The Bloody History of "The Noble Tomb"

  • Twice in the past four years, Northern Alliance commander Rashid Dostum has had to flee Mazar-i-Sharif, the city he once ruled. Once he had to bribe his own men to let him out of town before the Taliban arrived. But last Friday Dostum re-entered the city in triumph. It was Mazar's latest--but perhaps not its last--reversal of fortune.

    The city's name means "the Noble Tomb." Thousands have died there since 1997. But until then it was untouched by Afghanistan's two decades of war. The city takes its name from the Blue Mosque there, where Ali--Muhammad's son-in-law and the fourth Caliph--is said to be buried. Alexander the Great slept in Mazar. Genghis Khan and Silk Road traders passed through.
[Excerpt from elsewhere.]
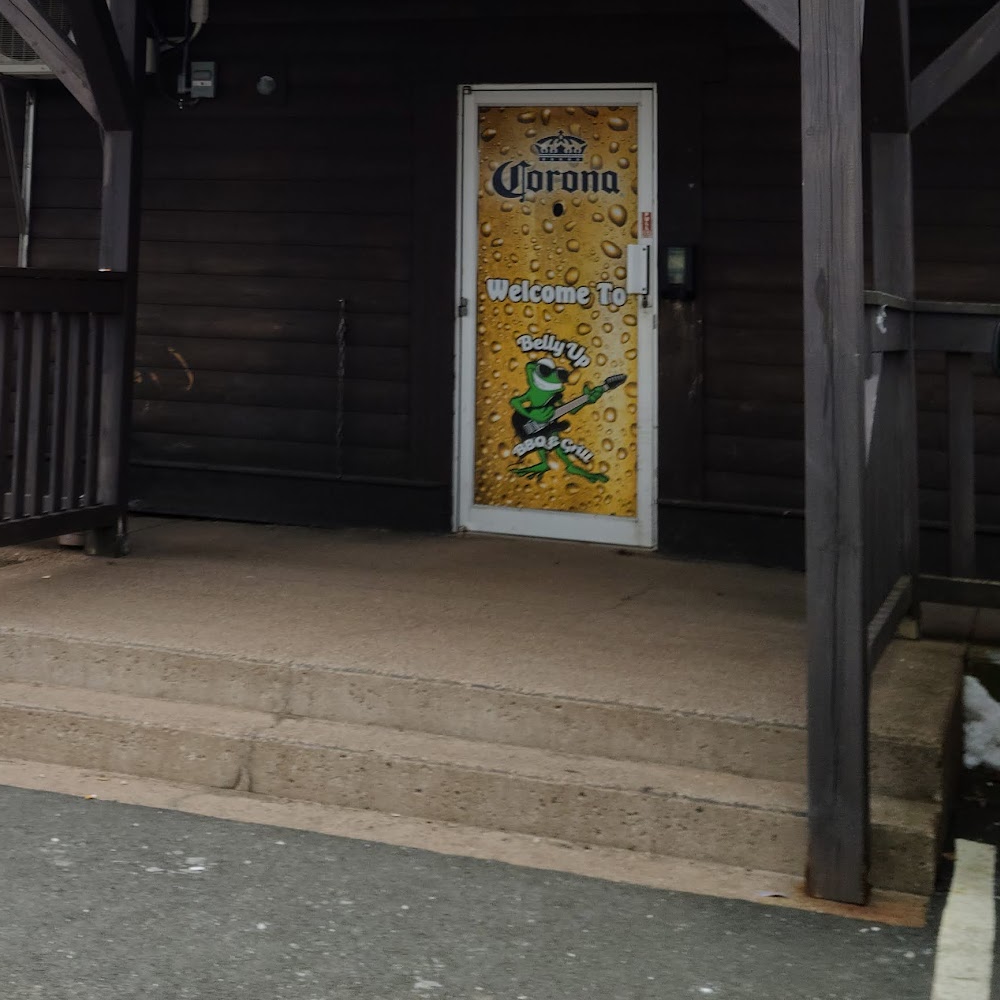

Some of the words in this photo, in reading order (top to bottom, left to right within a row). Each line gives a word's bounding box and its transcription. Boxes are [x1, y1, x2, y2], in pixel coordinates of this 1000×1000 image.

Only 35 miles from Uzbekistan's border, the city was a valuable supply depot for the Soviets, who left it in Dostum's hands.

    But his deputy betrayed him in May 1997, turning the city over to the Taliban while Dostum fled to Turkey. The local Uzbeks and Hazaras rose in revolt. They took back the city, drove 2,000 of the mostly Pashtun Taliban into the desert in large container trucks and buried them in mass graves. Half died in the containers. Others were shot and thrown in wells, grenades tossed in behind them. Some were buried alive.

    When Taliban fighters retook the city, they killed 8,000, particularly the Shi'ite Hazaras, and left corpses rotting in the streets. Now Dostum and his allies own the city again, and Pashtun are fleeing because they fear massacre.